Locking Spammers Out Of Your Mailserver
It's amazing what you can do with SSL certificates. In an earlier posting I showed you how to secure your email access by using SSL certificates. To achieve this, we had fortified our mail server to always establish pure SSL secured connections for the retrieval of an users' email. We did that to stop network snooping folks to read email passwords in transit and to make sure that someone who got to know a user's password would even need another secret information (the user's SSL secret key) to get at the mailbox content.
Now we will use the certificates we needed to fortify our IMAP server to make the other half of the mail system, the SMTP server, secure too. The SMTP servers today are used to accept email messages that are bound for a certain destination for which the server is authorative. But to deny spammers the chance to indulge in their nefarious activities SMTP servers usually refuse to relay email messages to other servers under normal circumstances. There's nothing wrong with it as long as the machine that is used to send the email has a public IP address that was never used to send spam before.
But once you've tried to send email via a dial-up connection or a public wireless access point, chances are that your dial-up IP address is marked as a dubious source and you cannot send your email because you are blocked by some intelligent software that pretend to know your're a spammer. There is no point in arguing, your only chance is to send your email into the internet via a "clean" relay host, with a static IP address, that is able to make a difference between you and all the spammers that pretend to be you.
In essence, we have to find a way to authenticate ourselves to the clean SMTP server in a secure way. Obviously, all the system users that are listed in the mail server's user database should be allowed to use the server as a mail relay host. But then, they have to submit their passwords to the mail server to authenticate and, as you probably would have known by now, this should only be permitted through a secure link using SSL or TLS.
Switching On Authentication
Most people sending email don't think about having to prove their identities to a mail server, they expect to be able to send email the same way as they are used to stuff anything into a real letter box. From the perspective of the mail server, a correct username password pair is the only thing that differentiates a valid user from the spammers. That's why it is important to educate people, that giving a password is not too much of an annoyance for the benefit of sending email while on the move. Anyway, once we have set up the system to use SSL certificates with an outgoing mail server, users will not see much of a difference except that they have to provide their password when sending the email out.
Adding A Secure Tunnel To SMTP
As the mail server is our main secure entry point for email into the internet our main objective is not to hide our message but to convince the mail server that we are the good guys that are allowed to inject email into the system.
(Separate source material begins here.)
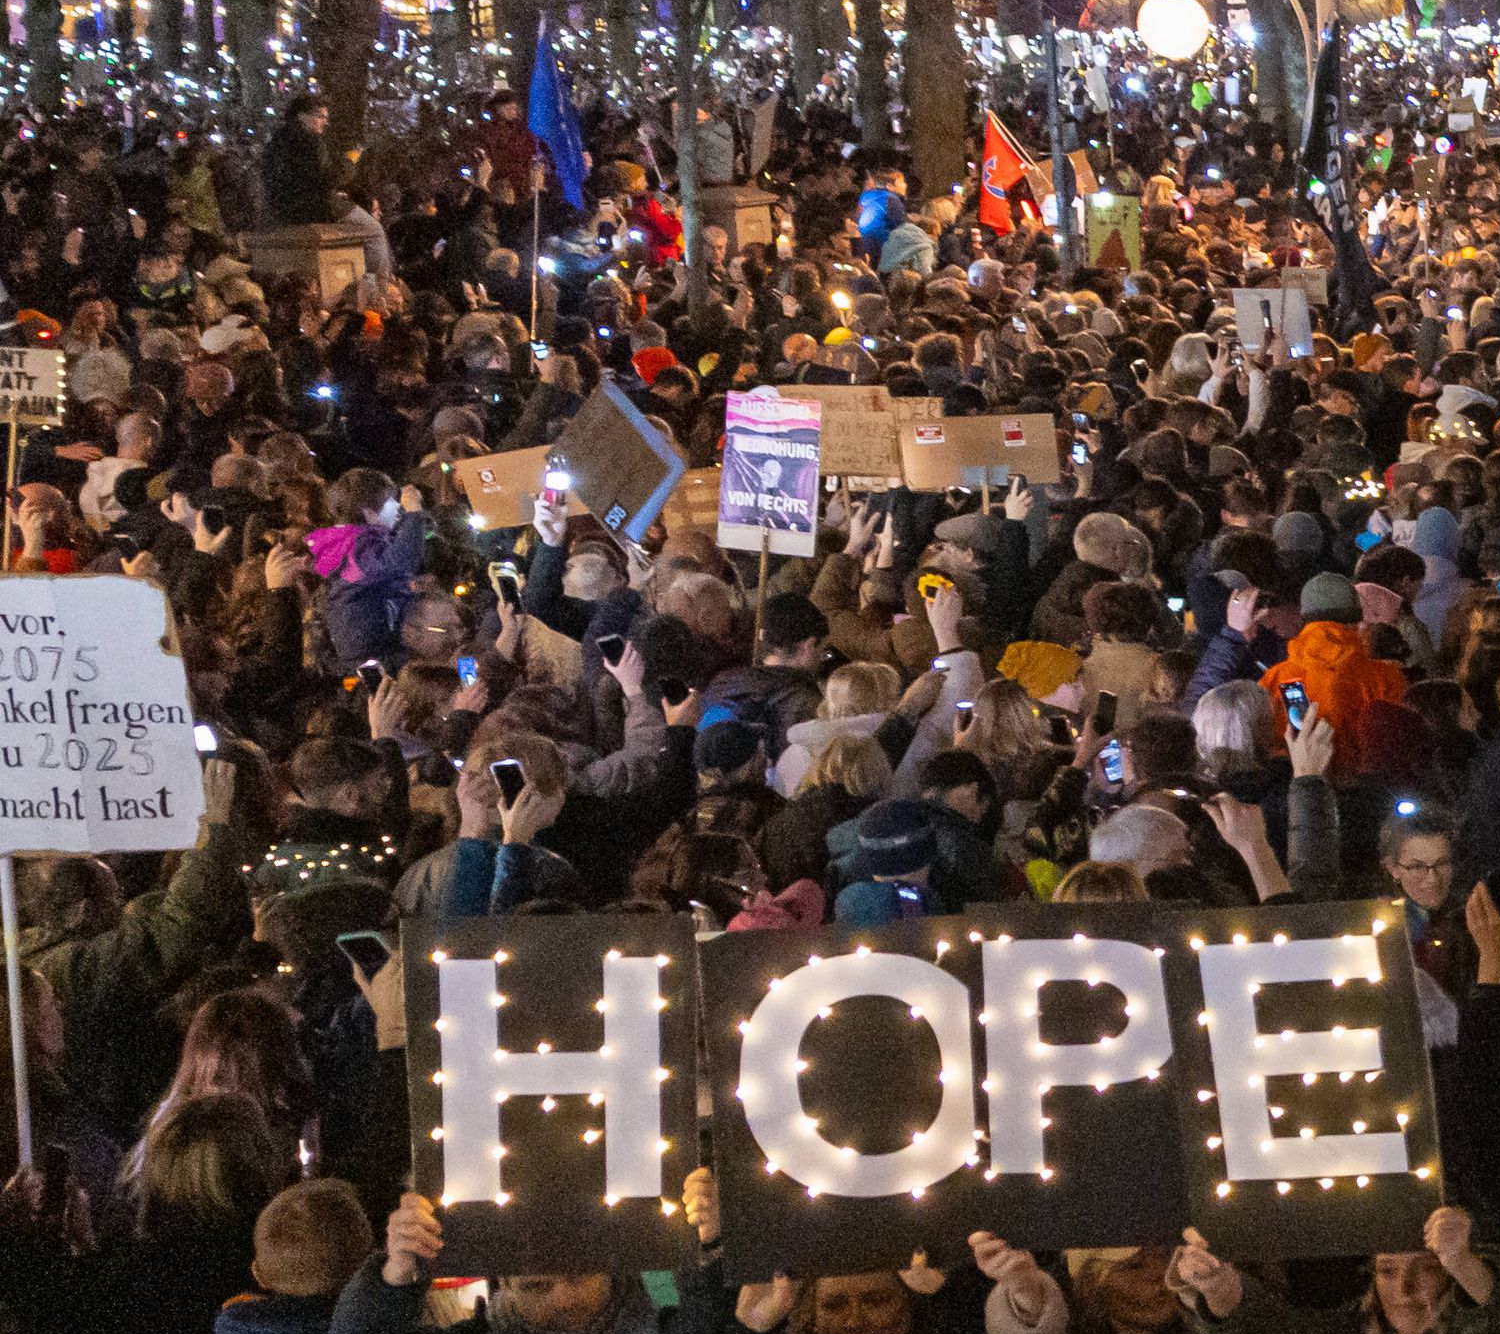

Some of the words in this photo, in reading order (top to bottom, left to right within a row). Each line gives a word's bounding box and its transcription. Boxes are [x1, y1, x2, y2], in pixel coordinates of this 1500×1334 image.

SASL, the Simple Authentication and Security Layer, is being used to enable our mail server software to perform the necessary authentication checks. But before we can enable the use of SASL inside postfix, we have to start a deamon, the saslauthd
chkconfig saslauthd on
/etc/init.d/saslauthd startThe following code is used to enable sasl in postfix and has to be added to the main postfix configuration file:
# SASL support for authentication
smtpd_sasl_auth_enable = yes
smtpd_sasl_security_options = noanonymous
smtpd_recipient_restrictions = permit_sasl_authenticated, permit_mynetworks, reject_unauth_destination
# TLS support for postfix
smtpd_use_tls = yes
smtpd_tls_auth_only = yes
smtpd_tls_key_file = /etc/postfix/mailserver.key
smtpd_tls_cert_file = /etc/postfix/mailserver.cert
smtpd_tls_CAfile = /etc/postfix/CA.cert
smtpd_tls_loglevel = 1
smtpd_tls_received_header = yes
smtpd_tls_session_cache_timeout = 3600s
tls_random_source = dev:/dev/urandom
The last few lines of code will tell postfix to use TLS (the replacement for the older SSL mechanism) and the location where to find the mail server certificate and key as well as the CA file to verify the trust chain.
With these modifications of the server side, we have essentially locked out everyone from using our mail server who is unable to provide the correct username and password over the TLS connection to our mail server.
Don't Forget Your Client!
The first thing we'll notice when we send our next email is that it won't go out as our email software used to ignore TLS so far for outgoing mail. To be able to send email out again you have to change your settings in the "SMTP" section of you email client software. After selecting TLS encryption and providing the username for the mail server you should be back on track again. In my case I had to upgrade my email software to ALPINE 2.0 to get busy, because my old software (pine) didn't know a thing about TLS. But that could only happen to me as I tend to stick to the old reliable programs when the rest of the world has already moved on to the cutting edge solutions.